The protest appeared to have an effect, and for a time it seemed the execution was called off. On November 14, Iranian Chief Justice, Ayatollah Seyed Mahmoud Hashemi Shahrudi nullified the death sentence as contrary
to Islamic law. He sent the case back to the court in Kermanshah for reconsideration.
"This is a stunning victory for human rights and a reminder of the power of global protest," said Paula Ettelbrick, executive director of the International Gay and Lesbian Human Rights Commission, at the time.
But the lower court simply reconfirmed the sentence without carrying out the required judicial review.
"They are rushing to execute a young man for crimes that even his accusers now admit never took place," said Sarah Leah Whitson of Human Rights Watch in a December 4 statement.
Sexual accusations are often murky, but this one is especially so. A complicating factor may be ethnic bias: Mouloodzadeh's family is Kurdish.
Scott Long of Human Rights Watch's LGBT rights program, questioned whether making the youth's case a gay-rights
cause célèbre was the right strategy.
"[A]nnouncing publicly how international pressure has swayed Iranian authorities often backfires and makes different factions in the confusion of Iranian politics determined to show that international pressure hasn't
swayed them," he wrote after the hanging. "Saying a 'homosexual' had been pardoned very possibly didn't help. Sometimes discretion is honestly the best seal of triumph."
Journalist Doug Ireland, writing in New York's
Gay City News, quoted Mitra Khalatbari, a reporter with Tehran's
Etemade Melli newspaper, who had closely followed the case.

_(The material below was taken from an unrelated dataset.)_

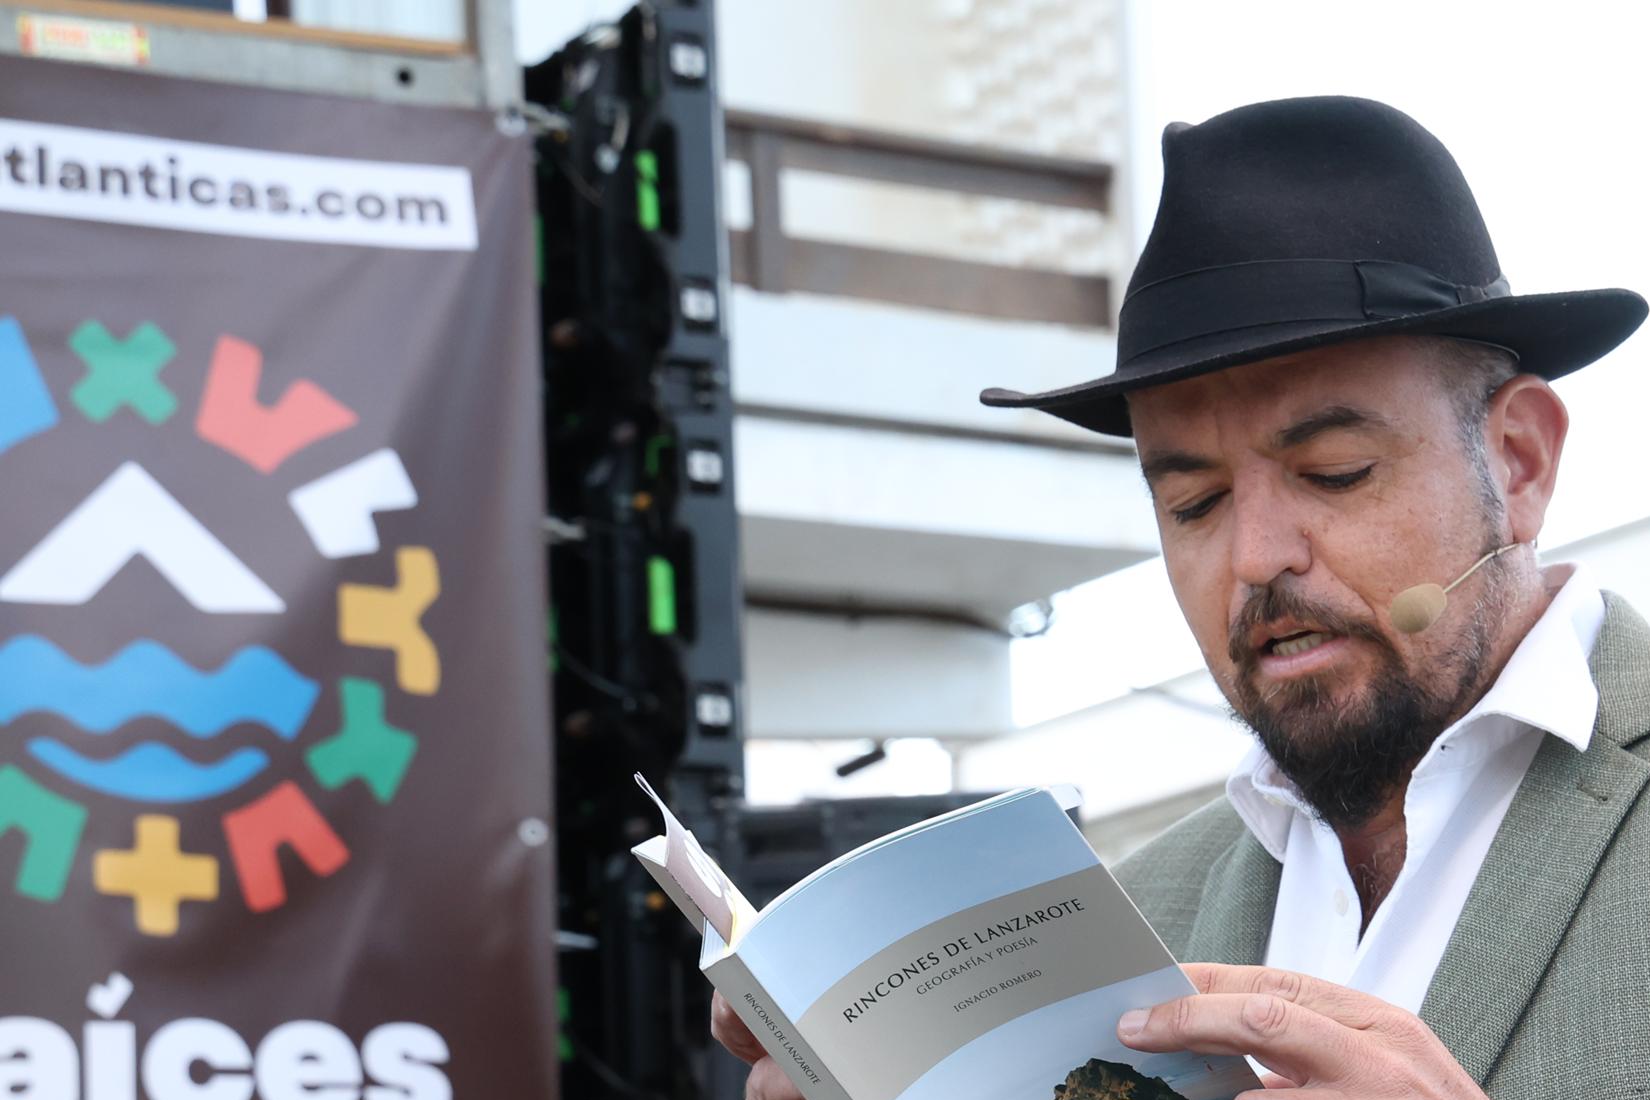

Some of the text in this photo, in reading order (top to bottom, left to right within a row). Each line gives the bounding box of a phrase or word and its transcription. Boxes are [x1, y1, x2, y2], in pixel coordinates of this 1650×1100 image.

She said that authorities in Kermanshah broke the
law as they rushed to execute the young man. "The execution order specified that he was to be hanged in the public park in Paveh where the so-called rapes had been committed -- that would probably have happened on a
'public day,' like the coming Friday," she said. "Instead, he was hastily executed in secret, on Wednesday, in the Kermanshah Prison," without notification of the condemned man's lawyer or family, as the law also requires.
"Thus, Makwan was not allowed to say goodbye to his family, nor were there any plaintiffs present at the place of execution with whom Makwan could plead for his life and ask their forgiveness to escape death."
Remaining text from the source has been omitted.